Lubię wypieki sezonowe. Nie tylko te związane z dostępnością składników, ale też te, które piecze się np. tylko na Boże Narodzenie, w karnawale czy na Wielkanoc. Tradycja związana z podziałem kościelnym roku coraz bardziej się zaciera, ale ja jestem do niej przywiązana, bo pozwala nawet w kuchni zachować pewien rytm i przemienność. Chociaż z obserwacji przed Bożym Narodzeniem wnoszę, że coraz mniej osób chce w święta zjeść tradycyjny piernik czy struclę makową. Ale skoro mowa o sezonowości to najwyższa pora na karnawałowy wypiek, czyli faworki. Podaję niżej mój ulubiony przepis z książki: Kuchnia polska.
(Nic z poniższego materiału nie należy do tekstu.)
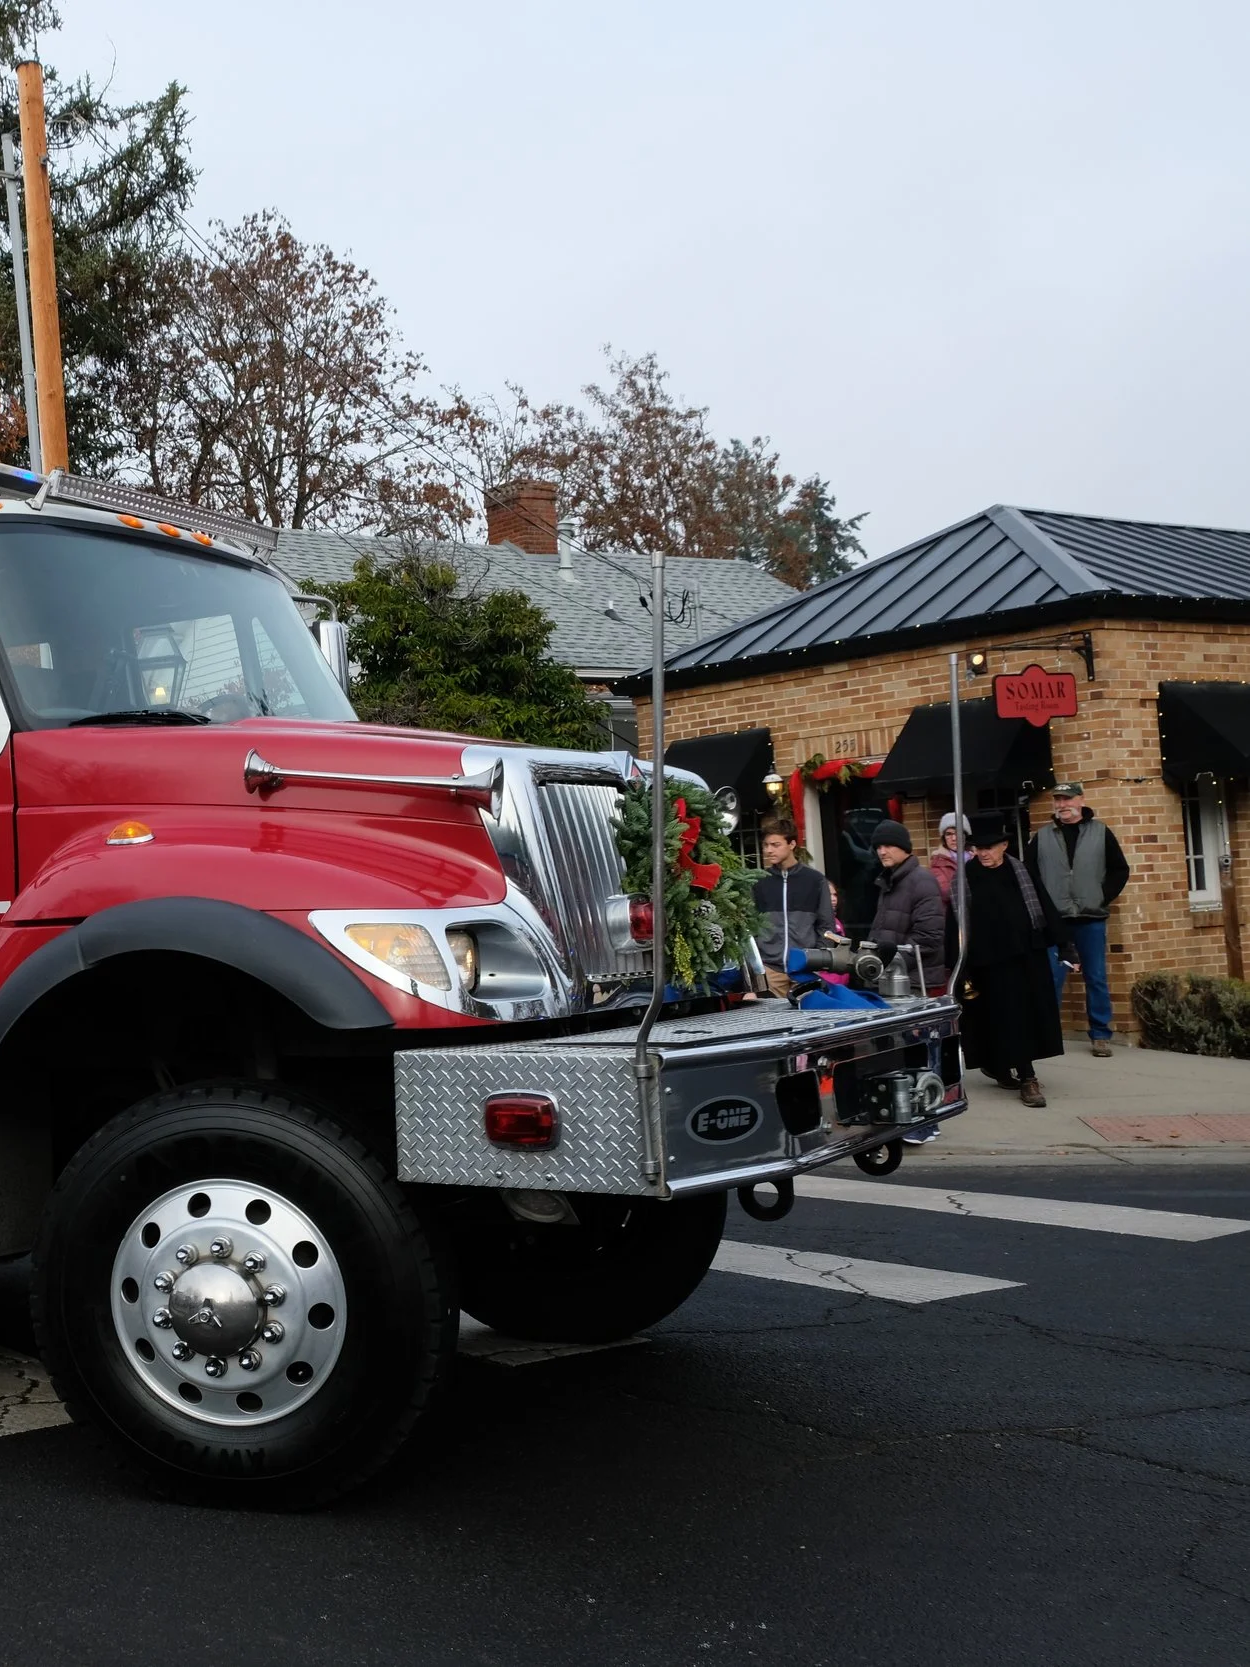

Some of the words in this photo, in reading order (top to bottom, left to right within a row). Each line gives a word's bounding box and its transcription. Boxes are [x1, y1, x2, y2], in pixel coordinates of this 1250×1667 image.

[1006, 682, 1066, 699] SOMAR
[835, 738, 856, 753] 255
[697, 1106, 752, 1133] E-ONE
Przepisy dawne i nowe, Warszawa 1997.
1,5 szklanki, czyli 200 g mąki pszennej
4 żółtka
1 łyżka octu lub spirytusu
3-4 łyżki gęstej kwaśnej śmietany, ok. 100 g
cukier puder do posypania
3/4 kg smalcu do smażenia
Niestety, smażyłam na zwykłym oleju, ponieważ nie miałam domowej roboty smalcu. Cała tajemnica w faworkach to bardzo dobrze wyrobione ciasto (na przekroju wyrabianego ciasta powinny pojawić się dziurki) i bardzo cienko wywałkowane. Dobre ciasto nie klei się i nie trzeba go podsypywać mąką, dzięki czemu nie pali się w czasie smażenia. Wałkujemy placki, kroimy na paski, przekładamy i smażymy na bardzo gorącym, głębokim tłuszczu. Osączamy na papierowym ręczniku i posypujemy cukrem pudrem, najlepiej domowym z naturalnym aromatem wanilii.